Every record must be given again word for word; no picture belongs in the copy.

----- Dataset content -----

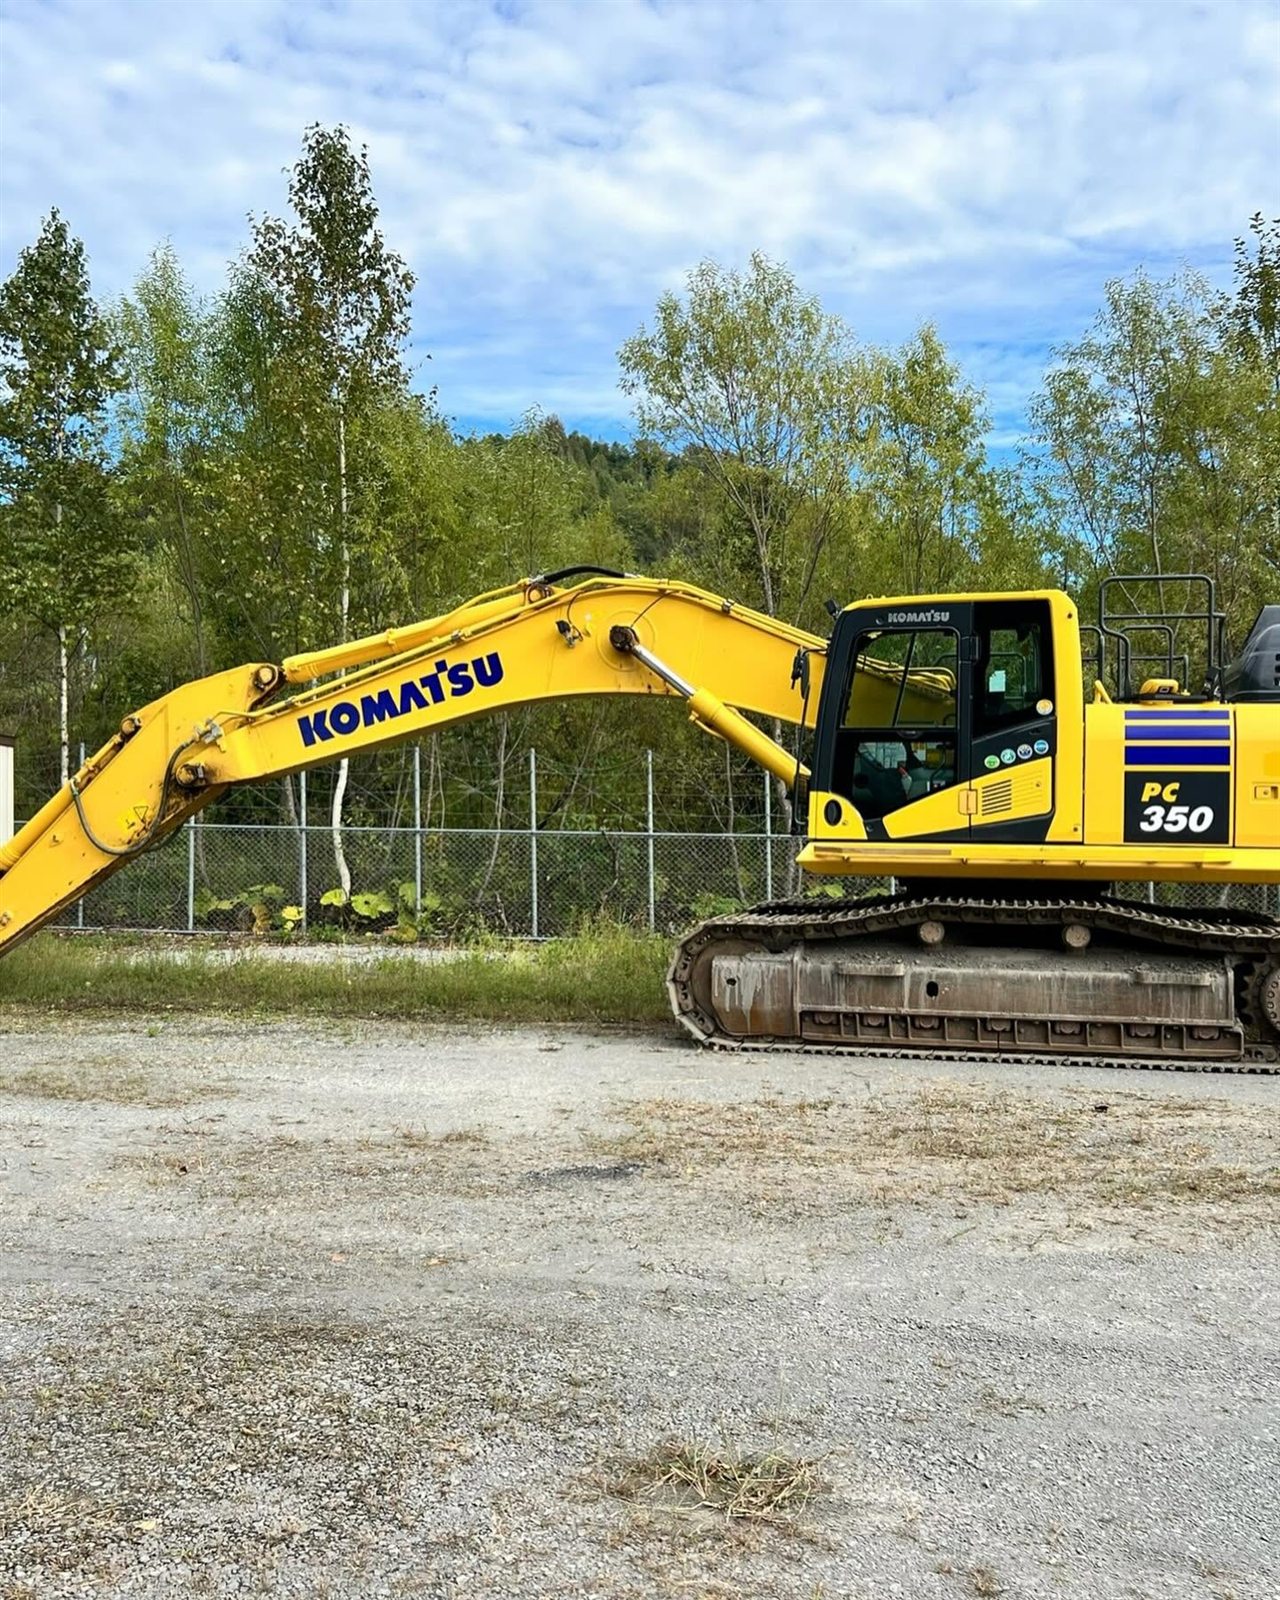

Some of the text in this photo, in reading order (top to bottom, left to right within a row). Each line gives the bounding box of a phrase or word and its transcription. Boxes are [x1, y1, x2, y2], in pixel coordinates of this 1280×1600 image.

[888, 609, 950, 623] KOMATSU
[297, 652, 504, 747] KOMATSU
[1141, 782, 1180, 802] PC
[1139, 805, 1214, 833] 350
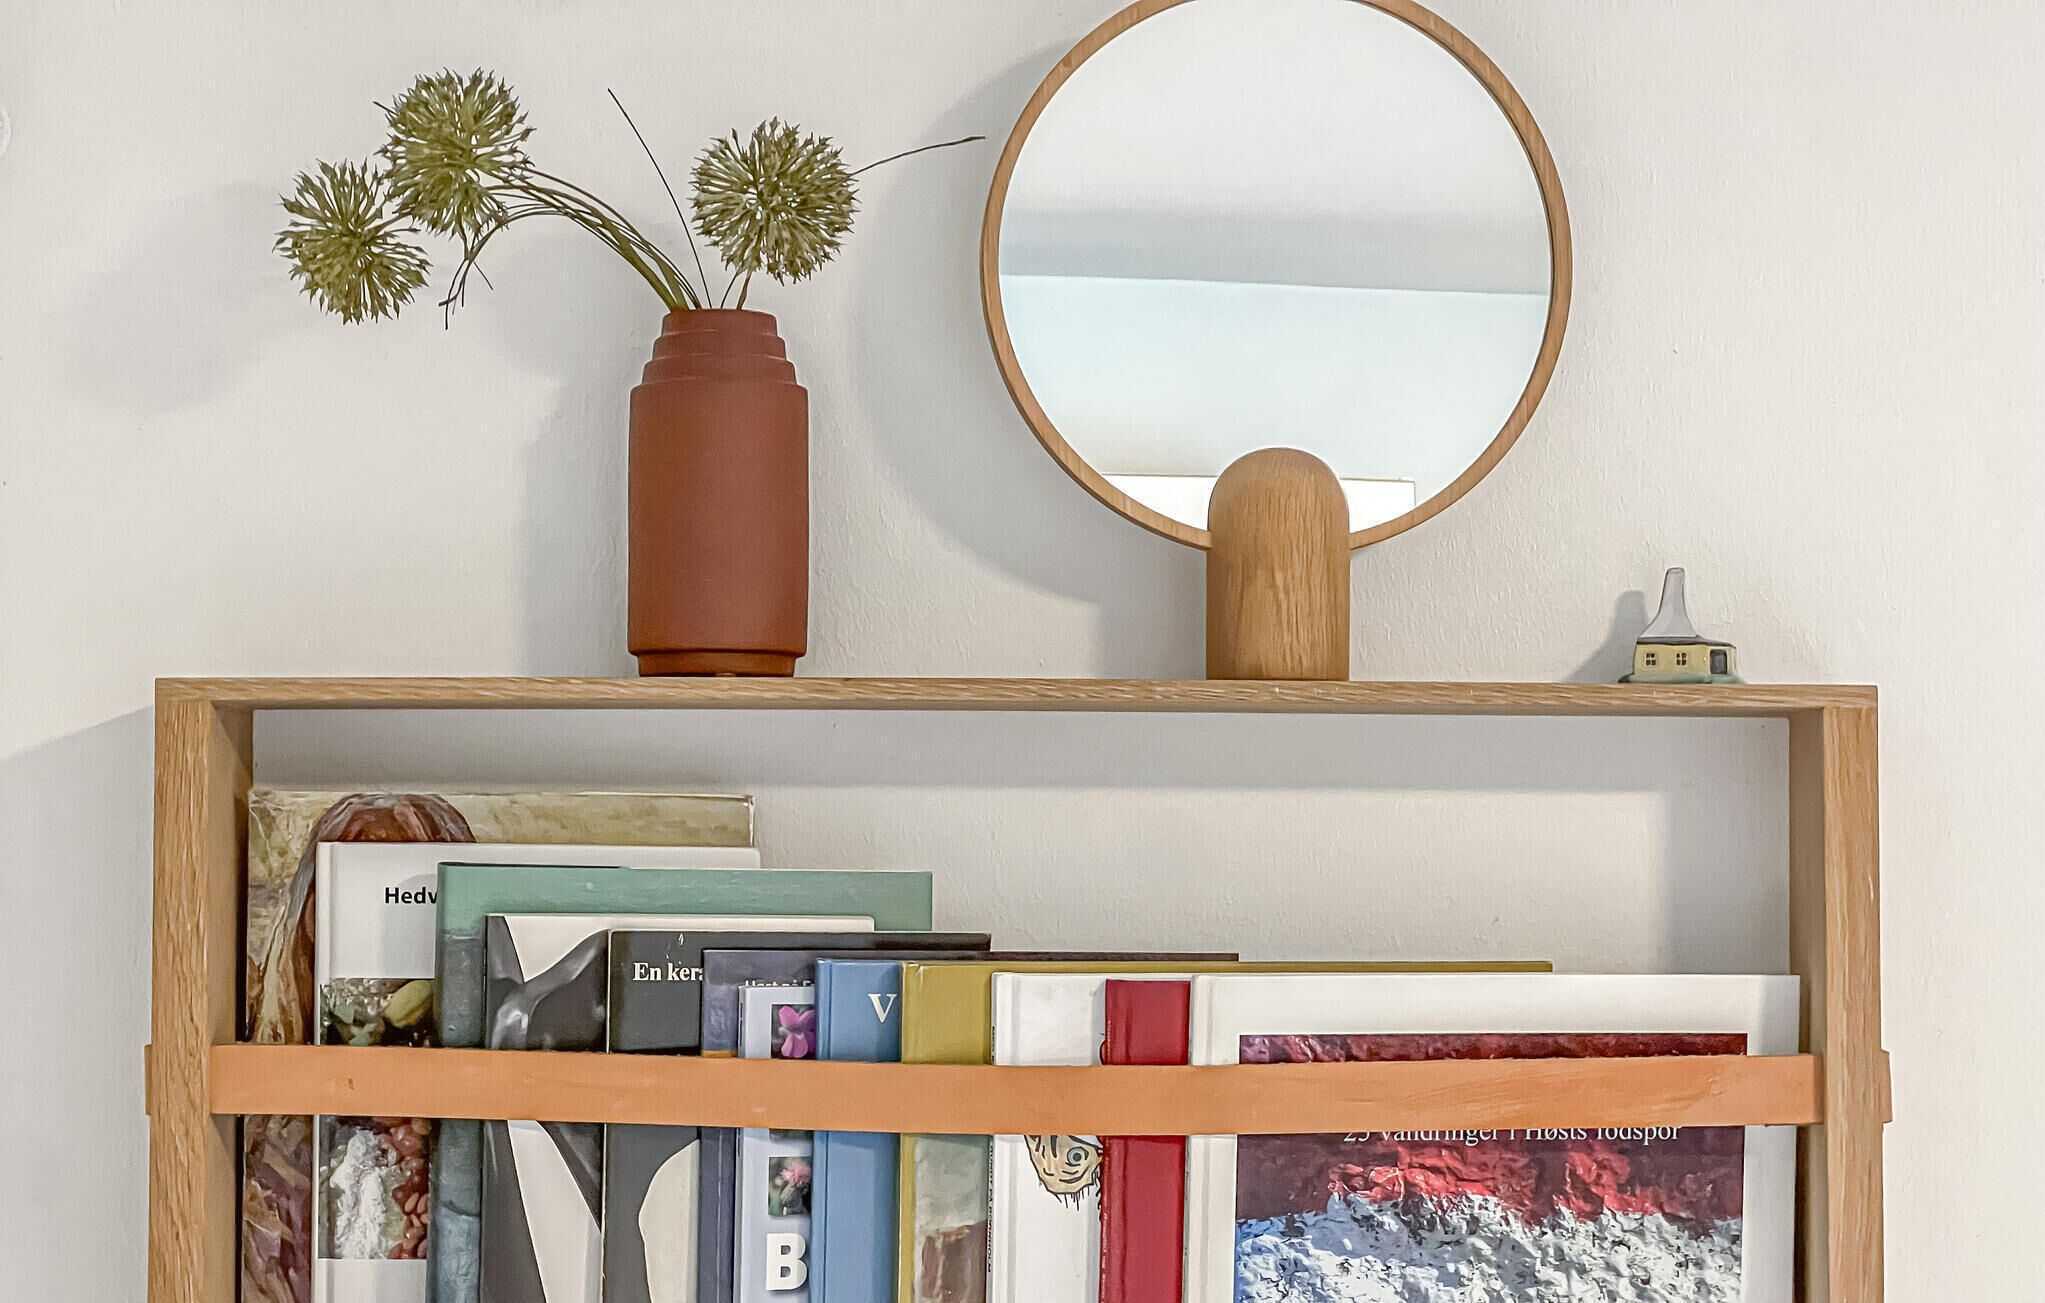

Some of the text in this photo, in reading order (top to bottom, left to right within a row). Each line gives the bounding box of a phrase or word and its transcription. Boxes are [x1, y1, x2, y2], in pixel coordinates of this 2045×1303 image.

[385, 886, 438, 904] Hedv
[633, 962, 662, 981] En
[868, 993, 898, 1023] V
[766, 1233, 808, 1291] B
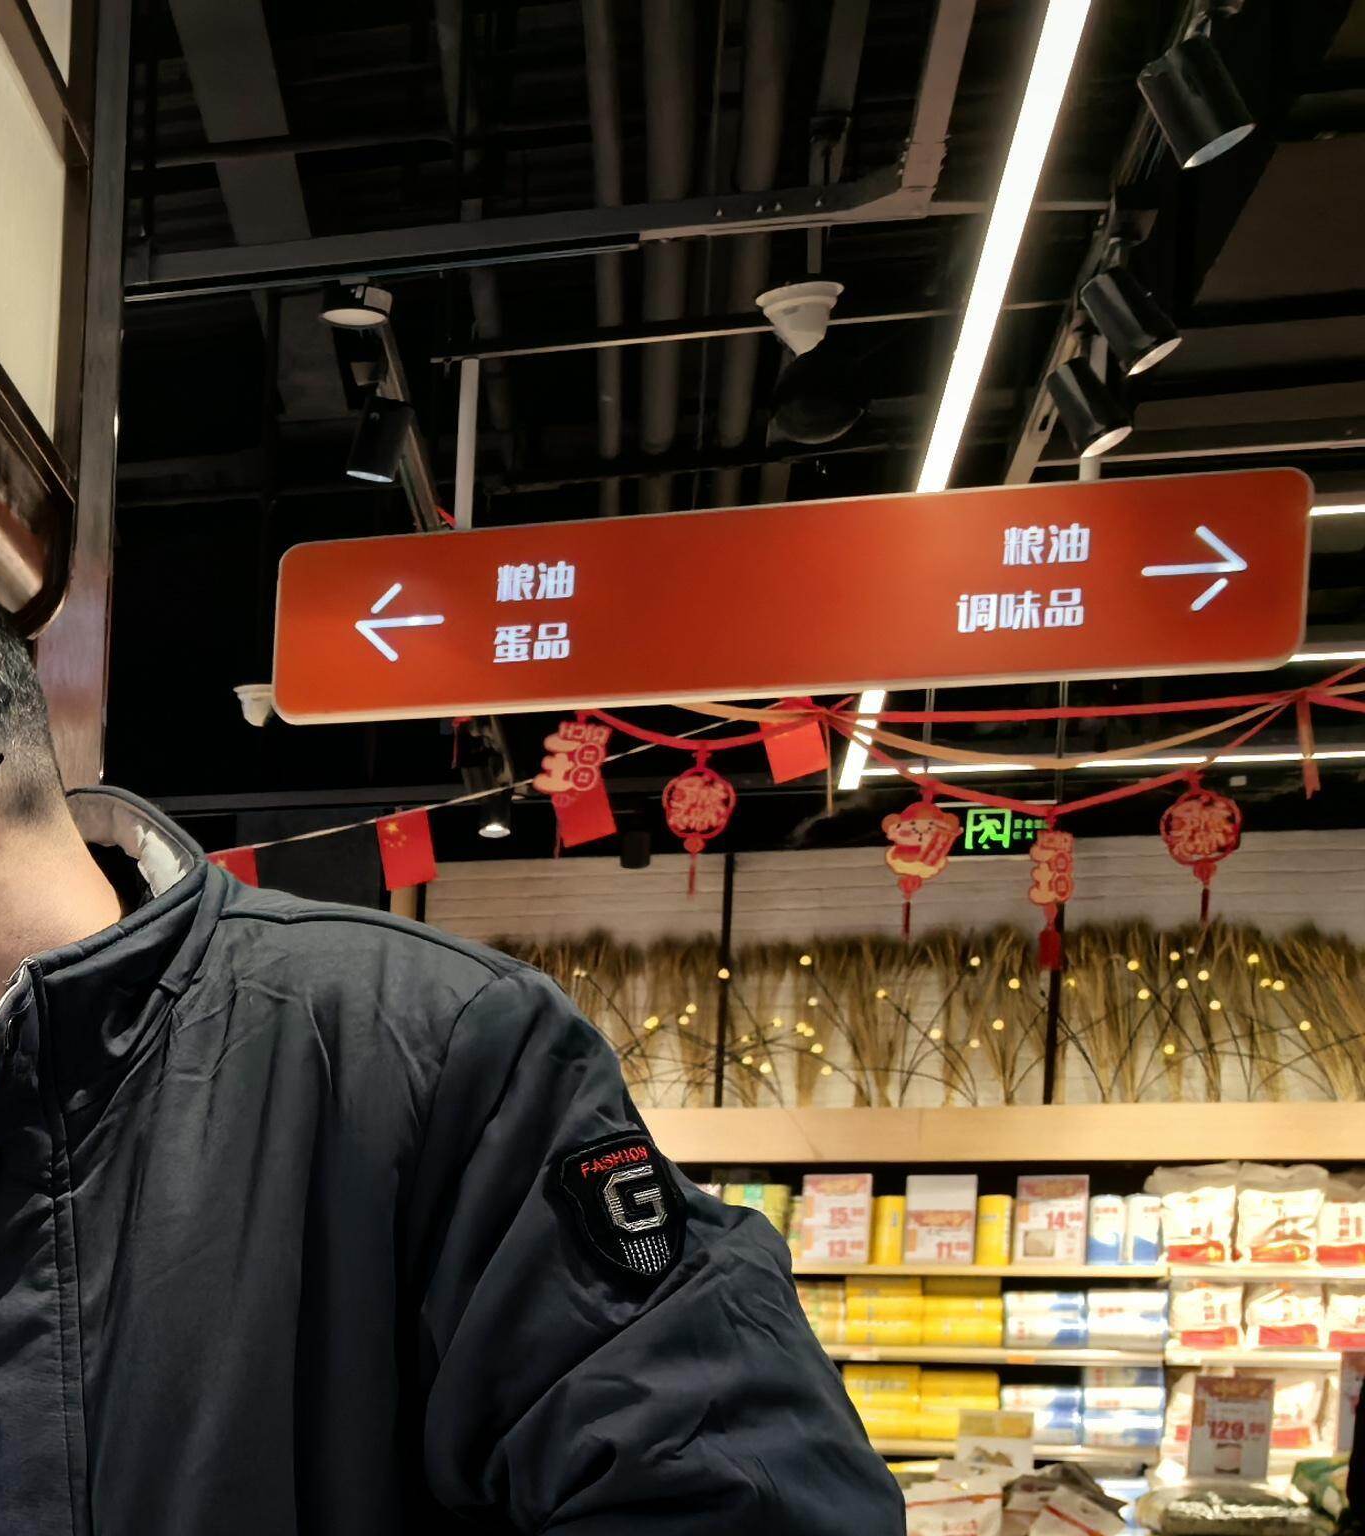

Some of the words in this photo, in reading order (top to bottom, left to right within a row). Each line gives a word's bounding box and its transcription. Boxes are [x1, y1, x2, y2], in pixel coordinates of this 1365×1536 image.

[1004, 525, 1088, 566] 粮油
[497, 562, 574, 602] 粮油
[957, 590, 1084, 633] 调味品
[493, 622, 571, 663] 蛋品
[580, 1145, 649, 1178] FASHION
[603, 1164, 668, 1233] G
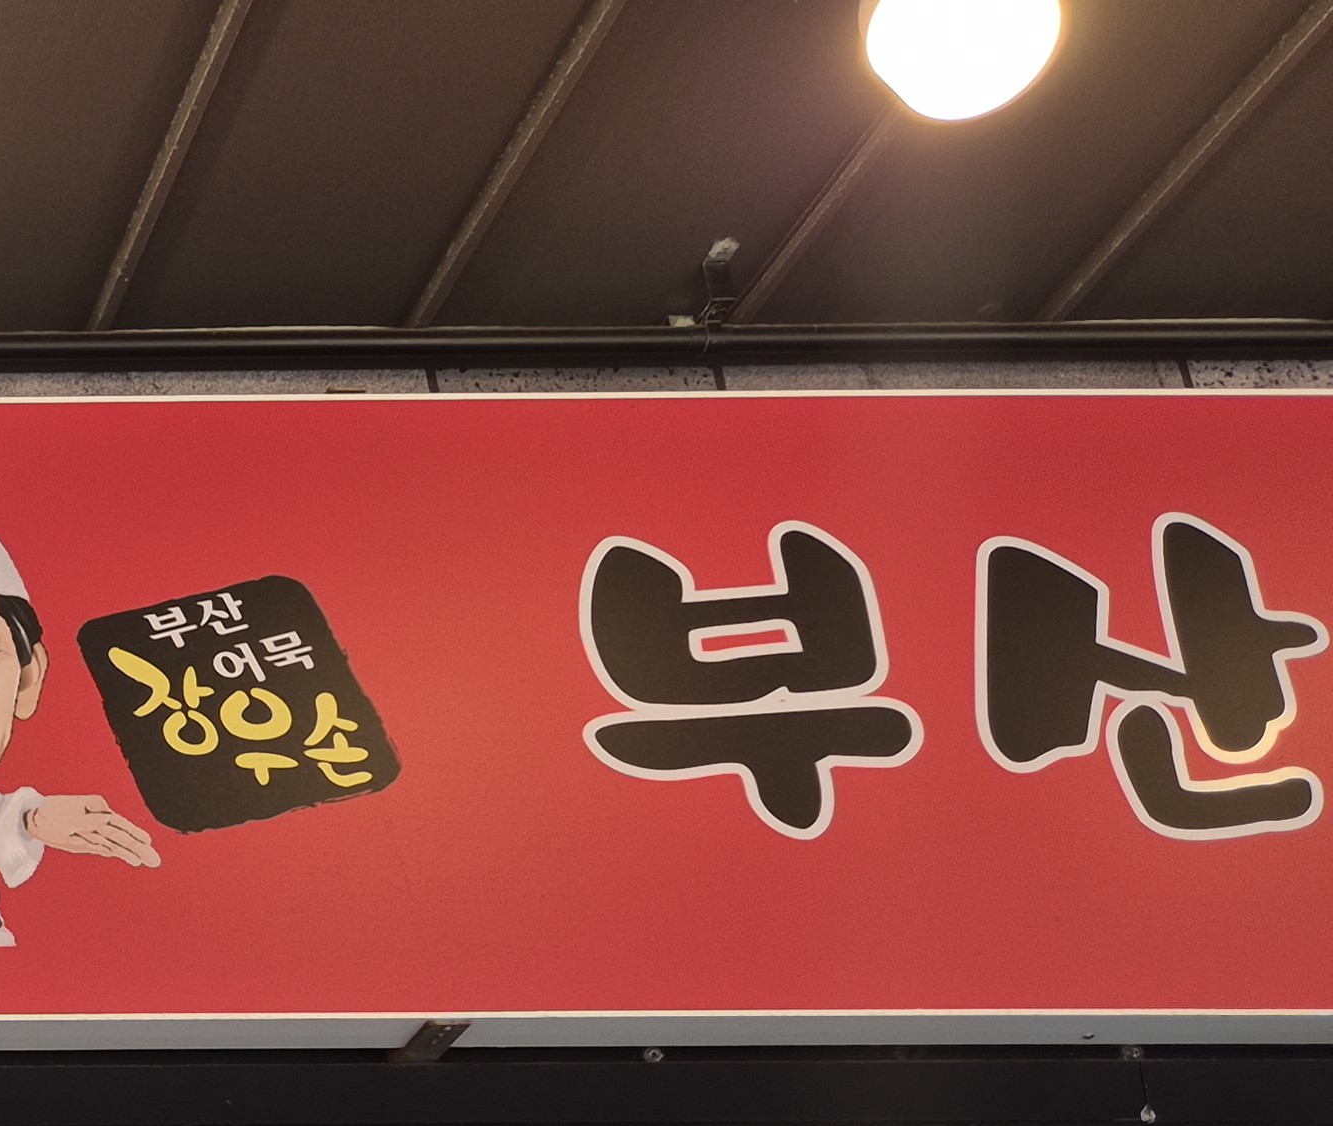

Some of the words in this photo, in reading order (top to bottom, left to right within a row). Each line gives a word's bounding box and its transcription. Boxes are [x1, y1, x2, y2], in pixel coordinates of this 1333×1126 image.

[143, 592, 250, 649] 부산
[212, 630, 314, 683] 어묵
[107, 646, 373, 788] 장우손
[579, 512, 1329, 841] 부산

-----

Answer section:
Some of the text in this photo, in reading order (top to bottom, left to right within a row). Each line gives the bounding box of a phrase or word and its transcription. Boxes are [x1, y1, x2, y2], in pixel coordinates of this 1280×1600 image.

[888, 609, 950, 623] KOMATSU
[297, 652, 504, 747] KOMATSU
[1141, 782, 1180, 802] PC
[1139, 805, 1214, 833] 350

Some of the text in this photo, in reading order (top to bottom, left to right within a row). Each line gives the bounding box of a phrase or word and its transcription. Boxes are [x1, y1, x2, y2], in pixel coordinates of this 2045×1303 image.

[385, 886, 438, 904] Hedv
[633, 962, 662, 981] En
[868, 993, 898, 1023] V
[766, 1233, 808, 1291] B

Some of the words in this photo, in reading order (top to bottom, left to right within a row). Each line gives a word's bounding box and its transcription. Boxes are [x1, y1, x2, y2], in pixel coordinates of this 1365×1536 image.

[1004, 525, 1088, 566] 粮油
[497, 562, 574, 602] 粮油
[957, 590, 1084, 633] 调味品
[493, 622, 571, 663] 蛋品
[580, 1145, 649, 1178] FASHION
[603, 1164, 668, 1233] G

Some of the words in this photo, in reading order (top to bottom, left to right within a row). Each line gives a word's bounding box and its transcription. Boxes are [x1, y1, x2, y2], in pixel coordinates of this 1333×1126 image.

[143, 592, 250, 649] 부산
[212, 630, 314, 683] 어묵
[107, 646, 373, 788] 장우손
[579, 512, 1329, 841] 부산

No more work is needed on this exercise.